It’s 2:37am and you already lost 3000$ in the casino. “Just put 1000$ more in this blackjack round” - said no one, ever. This is the same feeling I have many times in software engineering projects. I mean, yeah, I get it, 2 years ago you needed to spent the minimum amount of time possible to get the work done. That’s fine. You delivered, you got customers, everything went well.
Fast-forward to 2016. Now you have 10x more customers, who are demanding
10x more and better data, because, you know, you got some competition as well.
You set-up some big data systems, added 15 small services and everything
seems to work. Except when it doesn’t. Now, Bob warns Tom, every 3 days that
X does not seem to work properly. After digging into 5 different
log files across 3 different servers and correlate them by hand they find out
the problem. Cool, time to fix it. It’s an apparently easy-to-fix problem, so
Tom fixes it right away and deploy it. Meanwhile, it’s 6pm, but who cares?

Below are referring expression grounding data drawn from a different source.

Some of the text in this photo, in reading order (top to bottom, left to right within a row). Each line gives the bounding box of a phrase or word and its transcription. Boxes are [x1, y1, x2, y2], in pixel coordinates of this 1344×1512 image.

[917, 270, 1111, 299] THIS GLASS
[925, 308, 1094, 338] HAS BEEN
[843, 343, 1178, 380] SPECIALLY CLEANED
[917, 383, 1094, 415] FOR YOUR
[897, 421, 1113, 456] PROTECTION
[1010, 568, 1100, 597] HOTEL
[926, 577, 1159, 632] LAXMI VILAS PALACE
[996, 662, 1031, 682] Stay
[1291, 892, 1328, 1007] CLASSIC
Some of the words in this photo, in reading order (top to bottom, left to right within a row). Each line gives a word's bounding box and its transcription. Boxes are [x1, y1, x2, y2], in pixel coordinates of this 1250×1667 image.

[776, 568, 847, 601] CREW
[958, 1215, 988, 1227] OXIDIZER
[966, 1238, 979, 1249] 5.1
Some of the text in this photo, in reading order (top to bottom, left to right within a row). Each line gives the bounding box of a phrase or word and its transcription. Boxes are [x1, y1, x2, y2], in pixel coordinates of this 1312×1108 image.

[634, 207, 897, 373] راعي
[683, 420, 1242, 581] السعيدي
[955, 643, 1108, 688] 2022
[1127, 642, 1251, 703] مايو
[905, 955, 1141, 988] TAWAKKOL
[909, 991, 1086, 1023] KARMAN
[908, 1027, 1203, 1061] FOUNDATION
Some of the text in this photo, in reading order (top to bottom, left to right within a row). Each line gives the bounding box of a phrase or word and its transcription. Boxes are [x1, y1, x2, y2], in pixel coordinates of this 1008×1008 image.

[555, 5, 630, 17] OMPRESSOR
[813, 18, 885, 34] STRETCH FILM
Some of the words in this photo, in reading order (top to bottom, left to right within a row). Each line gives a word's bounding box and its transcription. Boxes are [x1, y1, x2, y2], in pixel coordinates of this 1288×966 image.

One problem less. Fantastic! Or at least it was fantastic until Bob warns him
again, next Monday, that it seems this system that was fixed last Friday
(and last Tuesday, and 2 weeks before, …) it’s failing. Again. Another
morning debugging. Another afternoon fixing it. The cycle repeats itself again
and again. This repetition happens because there is no time to rethink what
makes sense in that specific service, how you can improve it, how you can
roll out updates without breaking it, etc. Yeah, these fixes that you do so
often apparently break stuff that was working before. Because, you know,
there are no tests :)
I call this “The casino paradox”. You throw “good money” (good work-hours) because you already threw away a lot of “bad money” (lost work-hours). Stop right there. Stop and think about it. It’s the same case that we stated above. You already lost 3000$ in the casino. No one would tell you to spend more money to “recover” the money you lost before, because it’s a really bad idea! Your money is limited. So it’s not a good idea to throw it away. Your team, the amount of work that they can get done and the hours they work per day are limited too. Think about it. Sometimes you need to stop, think about the value that you are generating with this software and give it some perspective. If you don’t do it, you’ll end-up generating frustration and not delivering what you’re supposed to the business. Then it’s not about software anymore. It’s about strategy.